What Some Campuses Are Doing
According to a 2017 article in the Chicago Tribune, some schools have started “collegiate recovery programs” to help students who have a history of addiction or those who develop a substance use disorder during their college tenure. Transforming Youth Recovery, a non-profit program, has been leading the way in providing colleges grants to begin these sobriety-based initiatives. According to the group’s website, there were 162 colleges with collegiate recovery programs as of 2017.
These programs include mental health counseling, along with group meetings so that students can find peers who are struggling with similar issues.
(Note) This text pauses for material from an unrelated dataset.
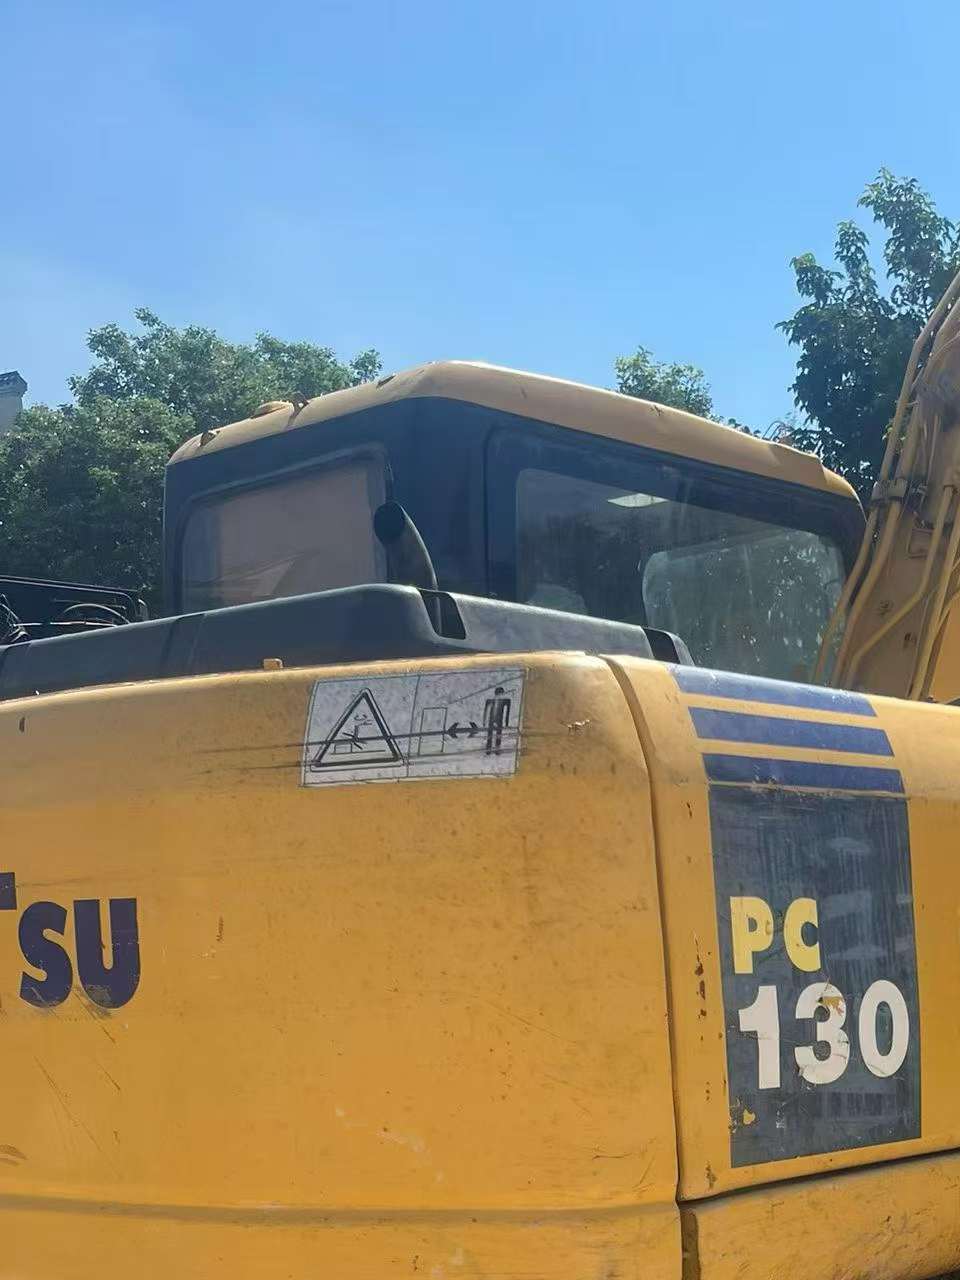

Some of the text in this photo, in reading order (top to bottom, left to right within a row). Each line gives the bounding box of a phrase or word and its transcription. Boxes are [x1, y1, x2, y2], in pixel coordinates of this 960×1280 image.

[0, 872, 141, 1009] SU
[729, 896, 822, 974] PC
[738, 979, 910, 1089] 130
One-on-one support sessions and substance-free events and activities also are included, allowing teenagers and young adults who are in college the opportunity to enjoy the social aspects of college in a more supportive setting.
Some colleges have created on-campus housing situations for students who wish to live in an environment where alcohol is banned.
If you are in college or about to begin your freshman year and want to know if your college has a recovery program, contact the school administration. If the school does not have one, you can follow the advice of the website collegiaterecovery.org, which lists the following options of people to contact or on-campus places to go when seeking to begin a program:
- President’s office
- Dean of Students offices
- On-campus counseling and psychiatry offices
- Health and wellness groups
- Residential life leaders
- The Dean’s office
- Student Government
Do not be afraid to seek a sober life while in college. Living without drugs or alcohol while in college is possible, despite the culture that currently exists on most campuses. You are not alone, and there are likely many more at your school who desire a similar substance-free lifestyle.